Background information
- Origin: Detroit, Michigan, U.S.
- Genres: Electronic; EDM; electropop;
- Years active: 2021–present
- Labels: SURF GANG; Mad Decent;
- Members: Tatiana Schwaninger; Graham Perez;
- Website: nicebassbro.com

= Snow Strippers =

American electronic music duo

Snow Strippers are an American electronic music duo formed in Detroit, Michigan in 2021 and consisting of singer Tatiana Schwaninger and record producer Graham Perez.
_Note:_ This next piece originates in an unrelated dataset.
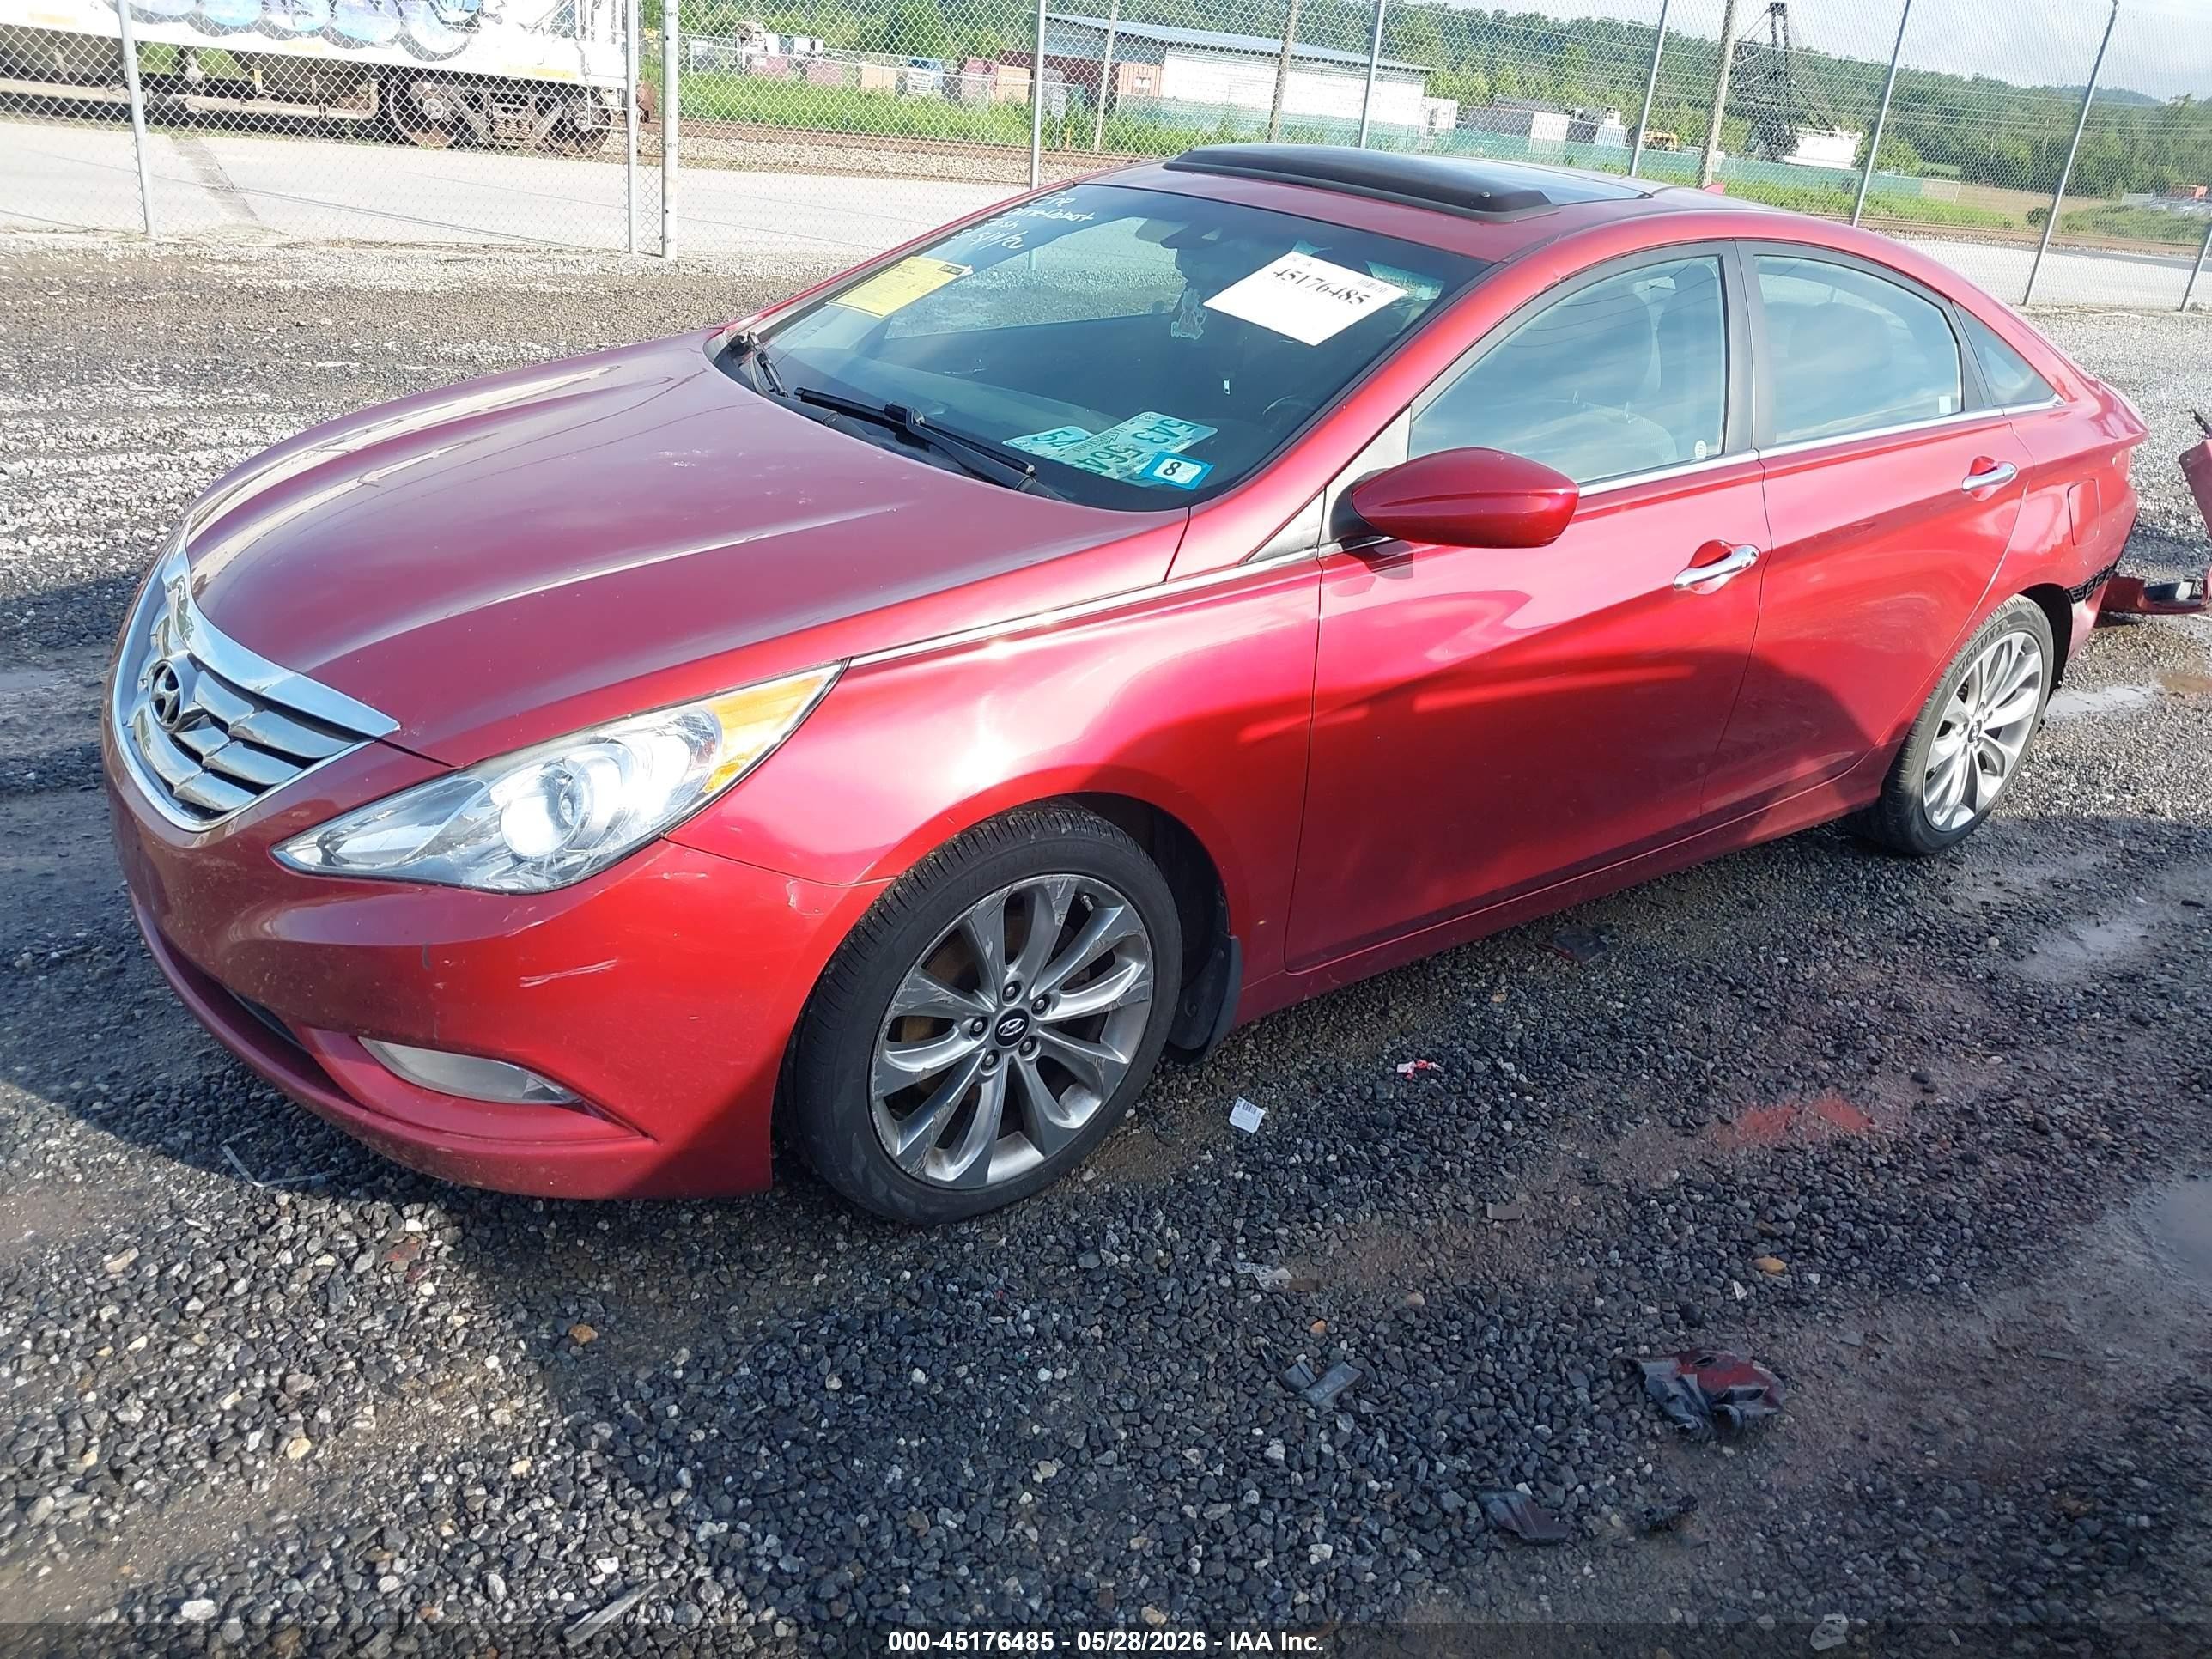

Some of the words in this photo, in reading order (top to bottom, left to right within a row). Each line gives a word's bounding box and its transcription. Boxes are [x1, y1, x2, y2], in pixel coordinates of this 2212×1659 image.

[1273, 268, 1371, 305] 45176485
[1131, 418, 1199, 445] 543
[1163, 461, 1182, 476] 8
They first gained prominence online as part of the indie sleaze resurgence in 2021 before self-releasing their eponymous debut album in 2022 and the mixtapes April Mixtape 2 and April Mixtape 3 in 2022 and 2023, respectively.

==History==
Tatiana Jasmine "Tati" Schwaninger was born on February 23, 1996 in Clearwater, Florida, where she was also raised. Graham T. Perez was born on April 15, 1996 in Belleville, Illinois, where he was also raised, and later moved to Dunedin, Florida. Schwaninger met Perez in proximity on the dating app Tinder in 2018. They soon moved to Detroit together from Clearwater before relocating to New York City. The two started making music as Snow Strippers in late 2021, with Schwaninger singing and Perez producing. Before the duo's formation, Schwaninger had not made any music, while Perez was already producing under the name "DeliverTheCrush" and was a part of producer Evilgiane's collective SURF GANG and producer Taylor Morgan's collective Garden Avenue, although he later retired the moniker.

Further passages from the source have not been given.